Could you repeat the records below exactly, leaving the pictures out?

Dataset excerpts
========
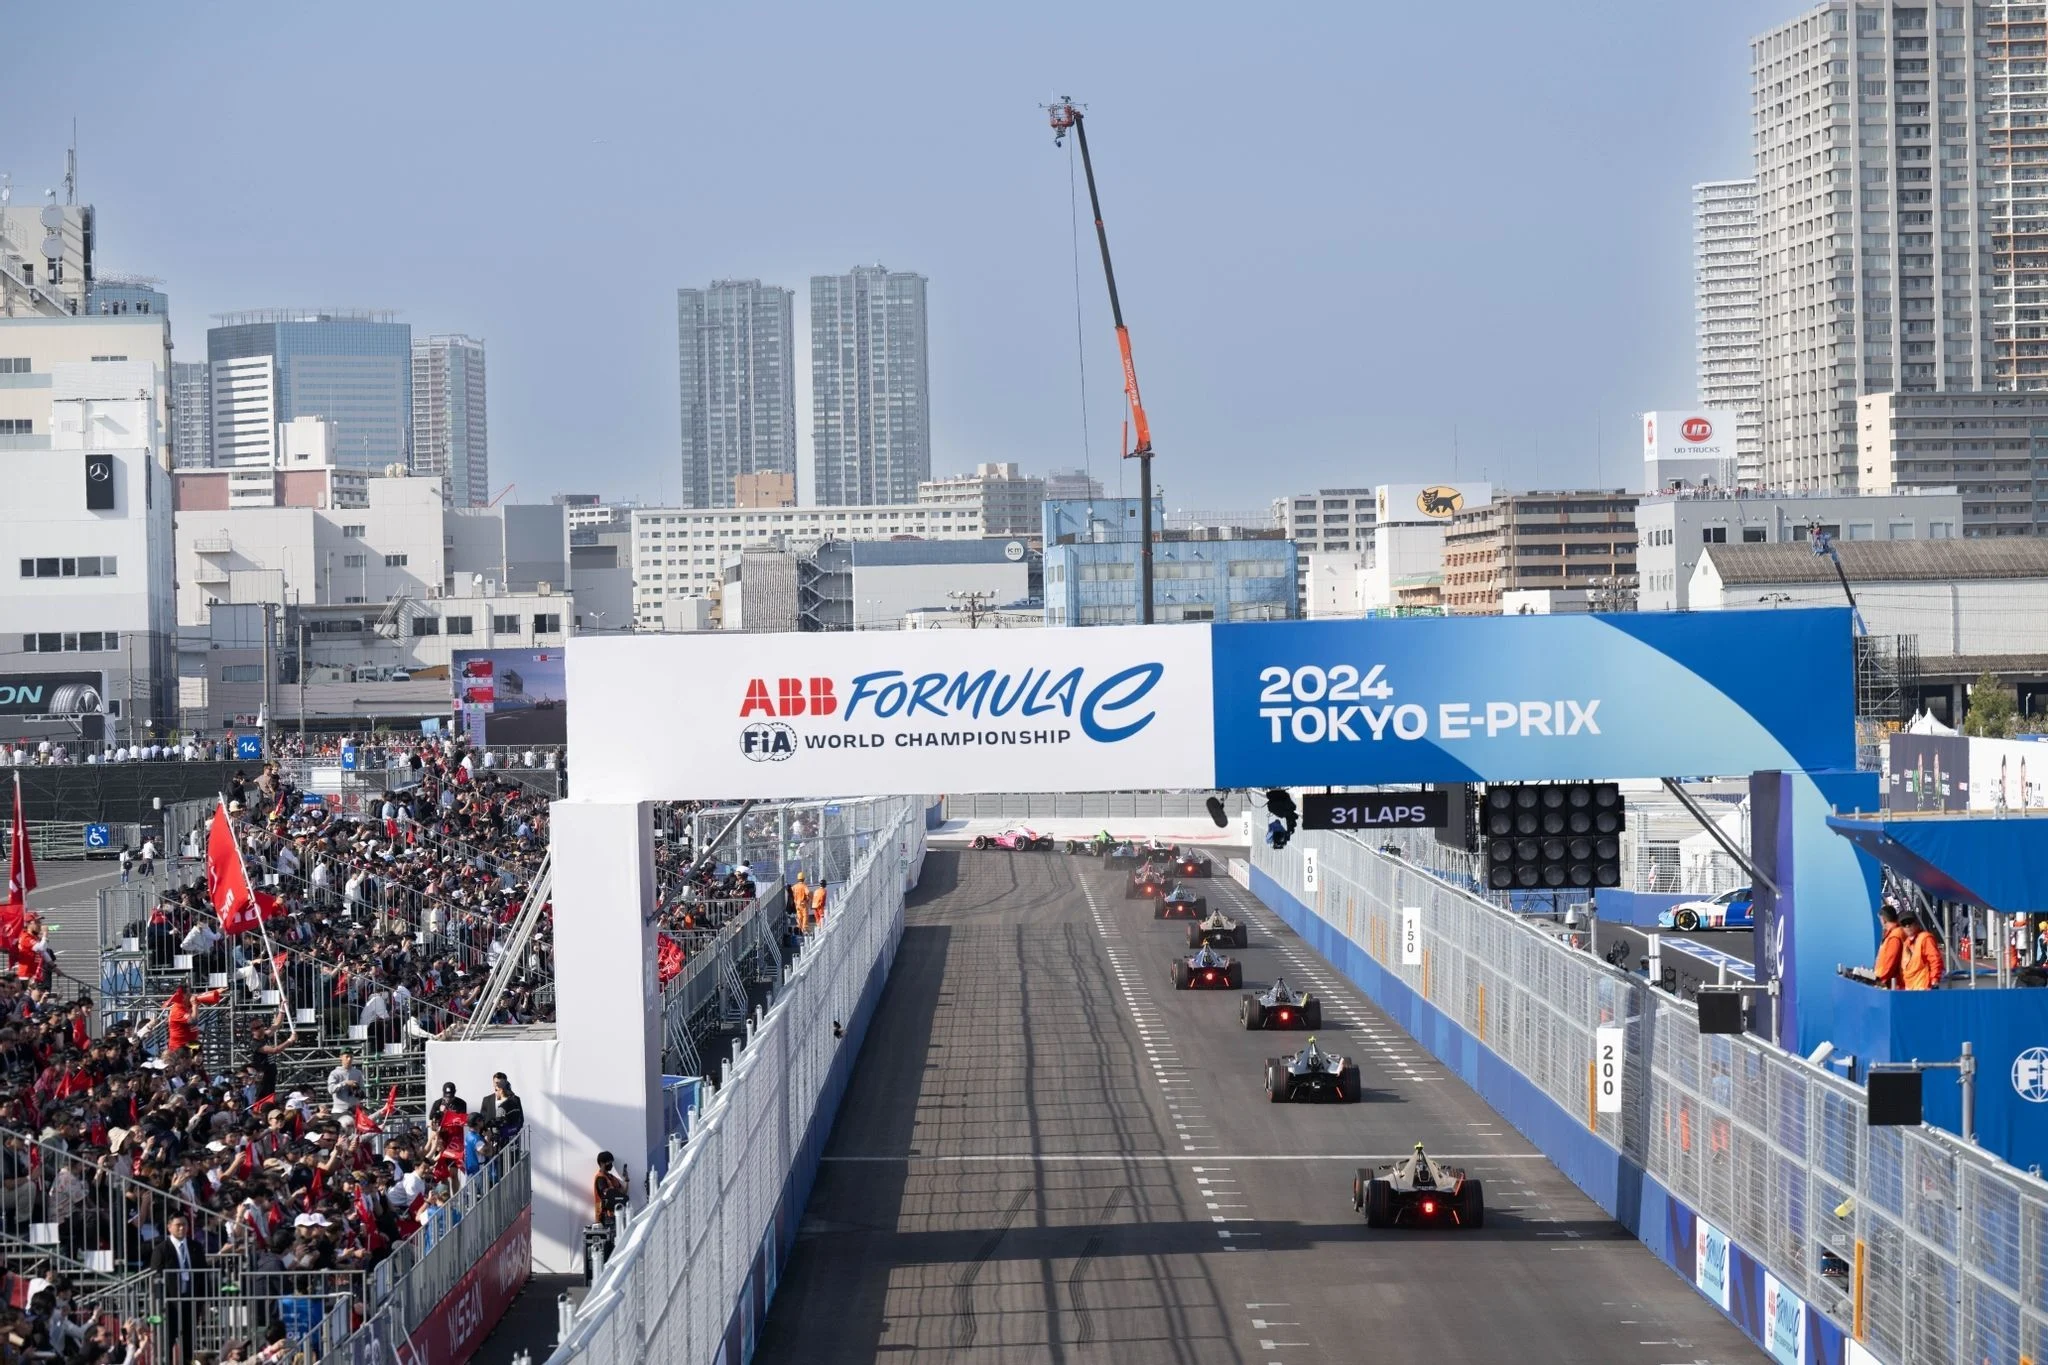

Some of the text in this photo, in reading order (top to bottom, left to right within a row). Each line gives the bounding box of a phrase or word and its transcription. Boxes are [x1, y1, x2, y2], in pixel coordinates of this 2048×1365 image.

[1687, 446, 1721, 454] TRUCKS
[739, 677, 838, 718] ABB
[844, 666, 1084, 722] FORMULA
[1258, 664, 1395, 703] 2024
[1258, 699, 1603, 744] TOKYO E-PRIX
[240, 741, 257, 753] 14
[804, 728, 1072, 750] WORLD CHAMPIONSHIP
[343, 751, 354, 763] 13
[1331, 806, 1427, 825] 31 LAPS
[1406, 919, 1415, 953] 150
[1602, 1044, 1614, 1096] 200
[448, 1280, 484, 1355] NISSAN
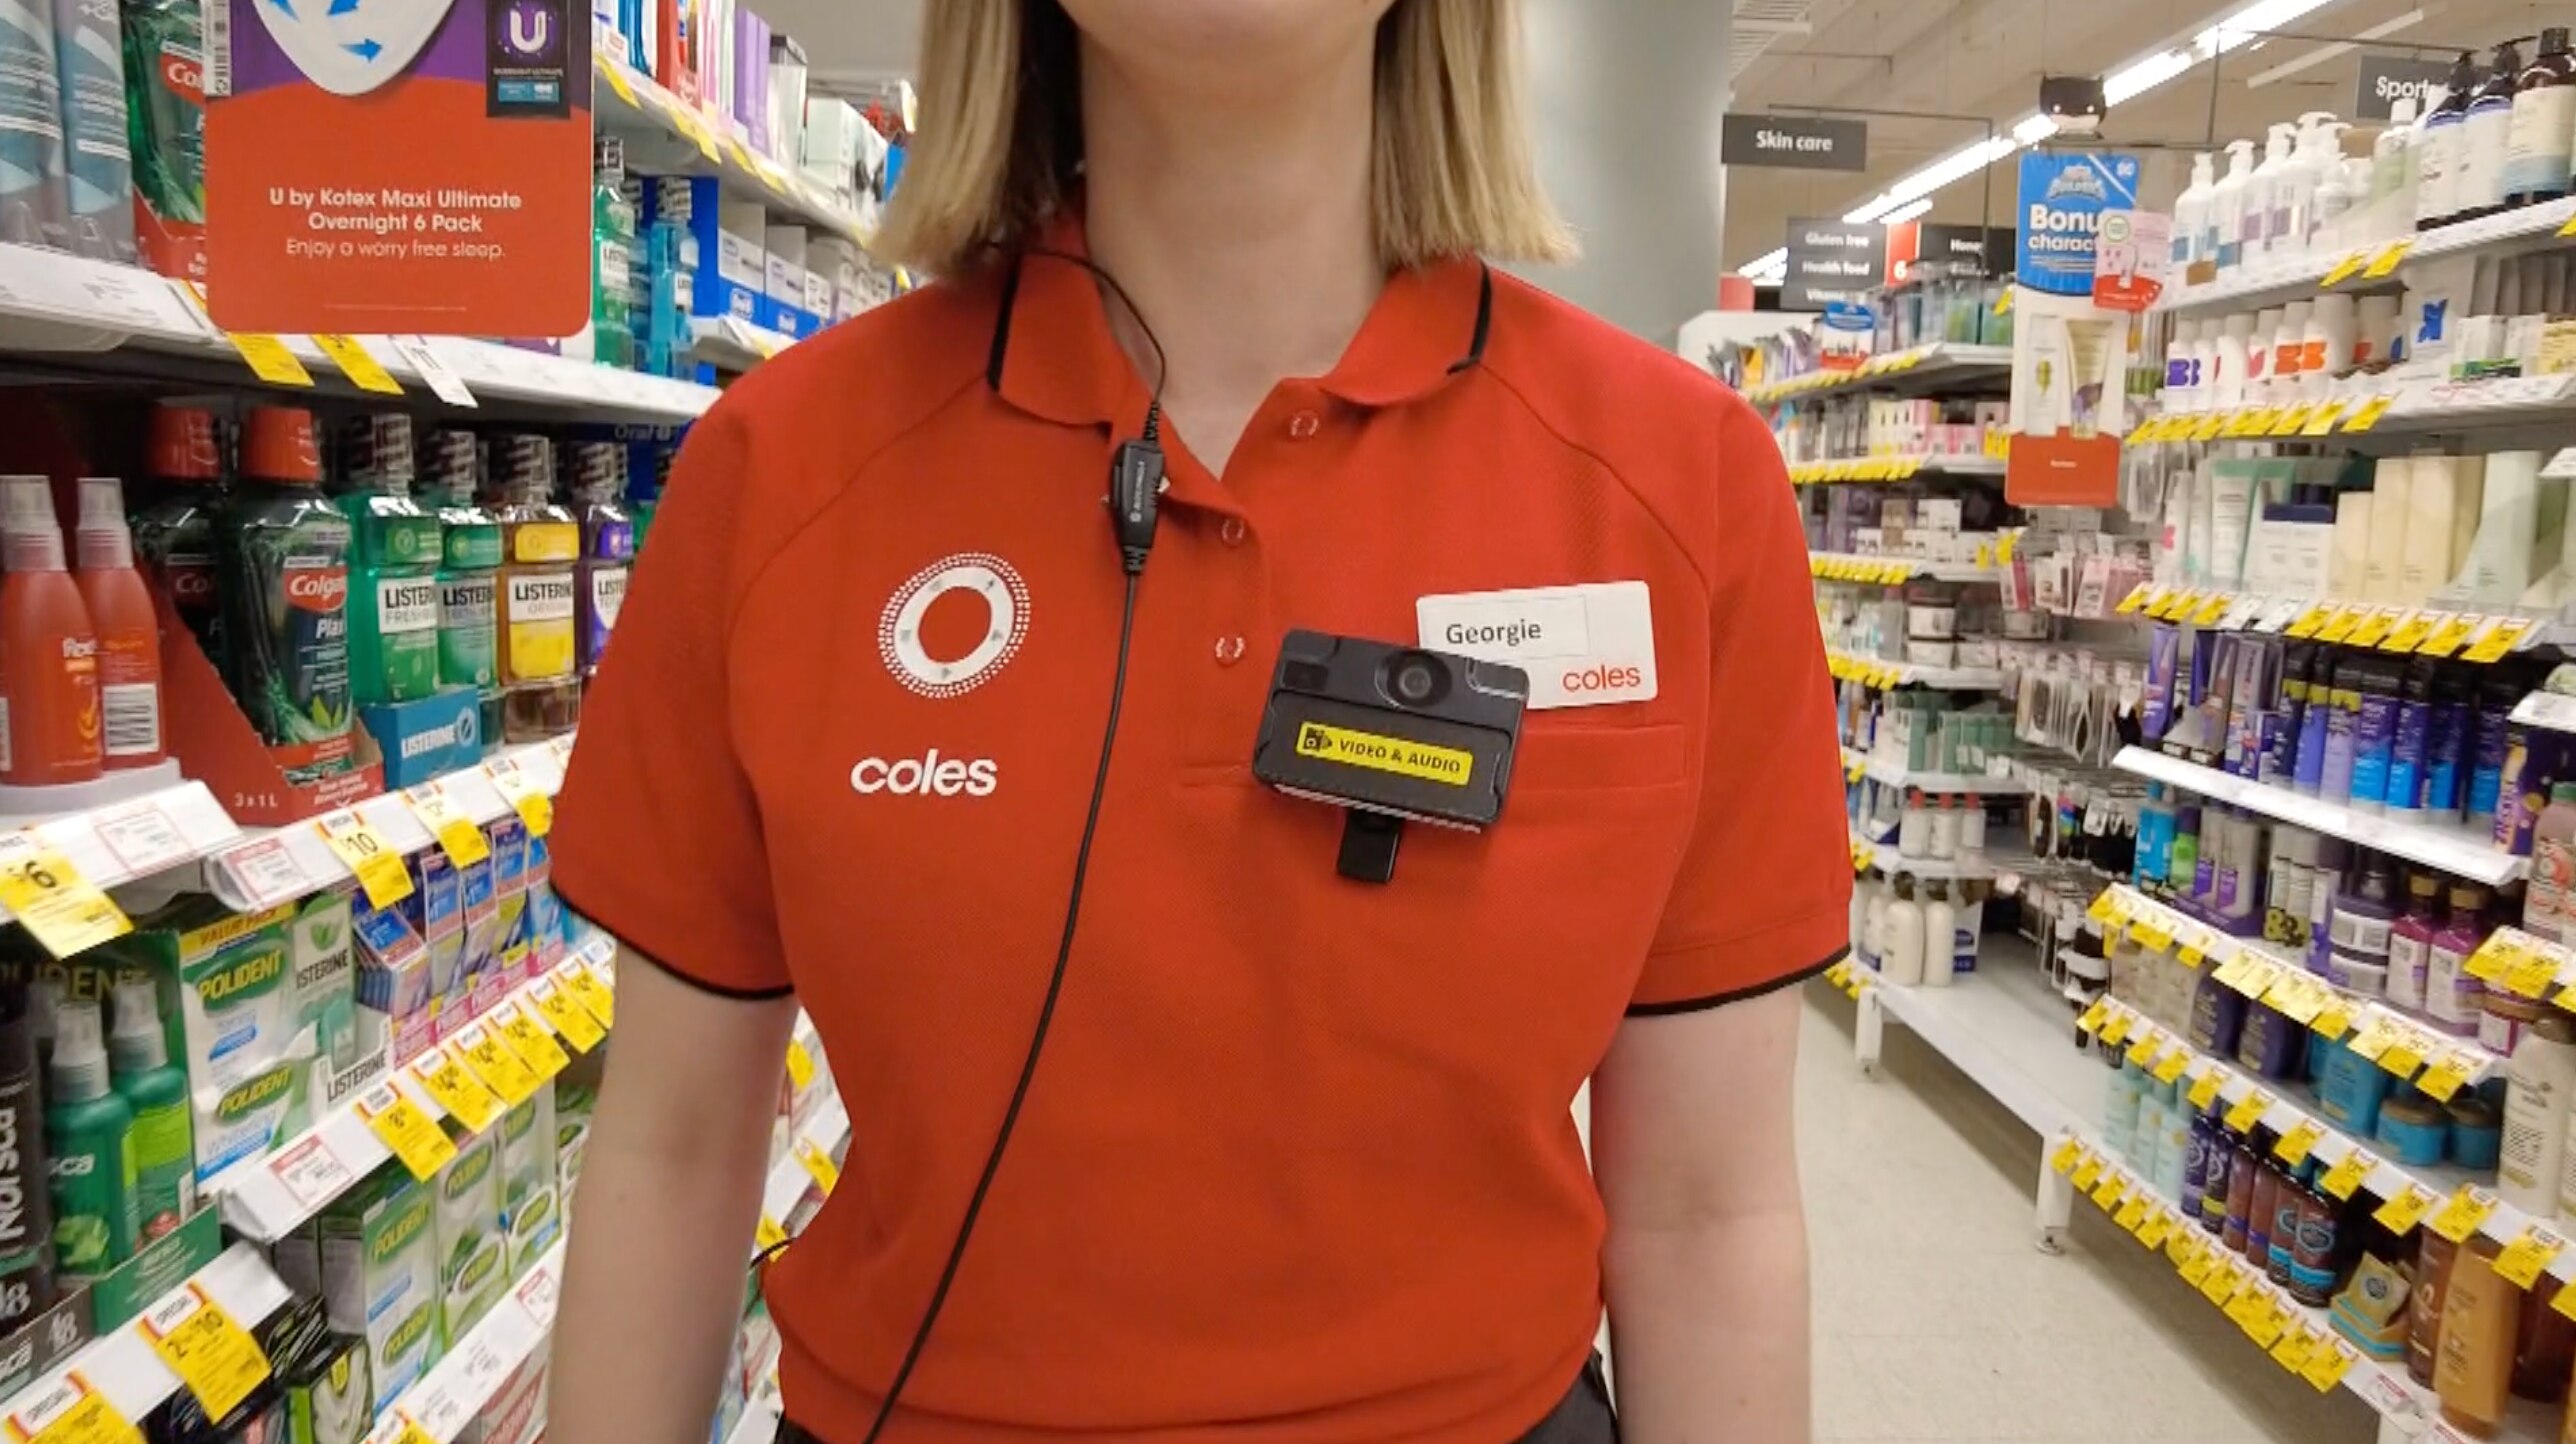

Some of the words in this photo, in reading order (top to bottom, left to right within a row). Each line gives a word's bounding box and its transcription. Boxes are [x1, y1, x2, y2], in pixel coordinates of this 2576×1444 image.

[2375, 75, 2429, 100] Sport
[1755, 129, 1793, 149] Skin
[1796, 136, 1833, 151] care
[269, 188, 284, 206] U
[289, 188, 314, 208] by
[320, 188, 376, 207] Kotex
[382, 189, 431, 208] Maxi
[437, 190, 522, 209] Ultimate
[308, 212, 408, 235] Overnight
[414, 213, 426, 232] 6
[432, 213, 483, 233] Pack
[286, 238, 335, 259] Enjoy
[339, 243, 354, 257] a
[359, 242, 408, 259] worry
[412, 239, 447, 257] free
[452, 240, 505, 261] sleep.
[1804, 231, 1844, 247] Gluten
[1846, 233, 1870, 248] free
[2028, 233, 2097, 252] charact
[1801, 260, 1842, 274] Health
[1842, 260, 1871, 276] food
[1446, 618, 1542, 647] Georgie
[1562, 664, 1642, 693] coles
[401, 723, 457, 759] LISTERINE
[1339, 738, 1387, 759] VIDEO
[1390, 749, 1403, 762] &
[1407, 752, 1461, 773] AUDIO
[850, 747, 998, 797] coles
[199, 947, 282, 1000] POLIDENT
[296, 949, 349, 991] ISTERINE
[327, 1050, 387, 1103] LISTERINE
[218, 1065, 292, 1118] POLIDENT
========
▶ EXERCISE ANSWER
Some of the text in this photo, in reading order (top to bottom, left to right within a row). Each line gives the bounding box of a phrase or word and its transcription. Boxes are [x1, y1, x2, y2], in pixel coordinates of this 2048×1365 image.

[1687, 446, 1721, 454] TRUCKS
[739, 677, 838, 718] ABB
[844, 666, 1084, 722] FORMULA
[1258, 664, 1395, 703] 2024
[1258, 699, 1603, 744] TOKYO E-PRIX
[240, 741, 257, 753] 14
[804, 728, 1072, 750] WORLD CHAMPIONSHIP
[343, 751, 354, 763] 13
[1331, 806, 1427, 825] 31 LAPS
[1406, 919, 1415, 953] 150
[1602, 1044, 1614, 1096] 200
[448, 1280, 484, 1355] NISSAN

Some of the words in this photo, in reading order (top to bottom, left to right within a row). Each line gives a word's bounding box and its transcription. Boxes are [x1, y1, x2, y2], in pixel coordinates of this 2576×1444 image.

[2375, 75, 2429, 100] Sport
[1755, 129, 1793, 149] Skin
[1796, 136, 1833, 151] care
[269, 188, 284, 206] U
[289, 188, 314, 208] by
[320, 188, 376, 207] Kotex
[382, 189, 431, 208] Maxi
[437, 190, 522, 209] Ultimate
[308, 212, 408, 235] Overnight
[414, 213, 426, 232] 6
[432, 213, 483, 233] Pack
[286, 238, 335, 259] Enjoy
[339, 243, 354, 257] a
[359, 242, 408, 259] worry
[412, 239, 447, 257] free
[452, 240, 505, 261] sleep.
[1804, 231, 1844, 247] Gluten
[1846, 233, 1870, 248] free
[2028, 233, 2097, 252] charact
[1801, 260, 1842, 274] Health
[1842, 260, 1871, 276] food
[1446, 618, 1542, 647] Georgie
[1562, 664, 1642, 693] coles
[401, 723, 457, 759] LISTERINE
[1339, 738, 1387, 759] VIDEO
[1390, 749, 1403, 762] &
[1407, 752, 1461, 773] AUDIO
[850, 747, 998, 797] coles
[199, 947, 282, 1000] POLIDENT
[296, 949, 349, 991] ISTERINE
[327, 1050, 387, 1103] LISTERINE
[218, 1065, 292, 1118] POLIDENT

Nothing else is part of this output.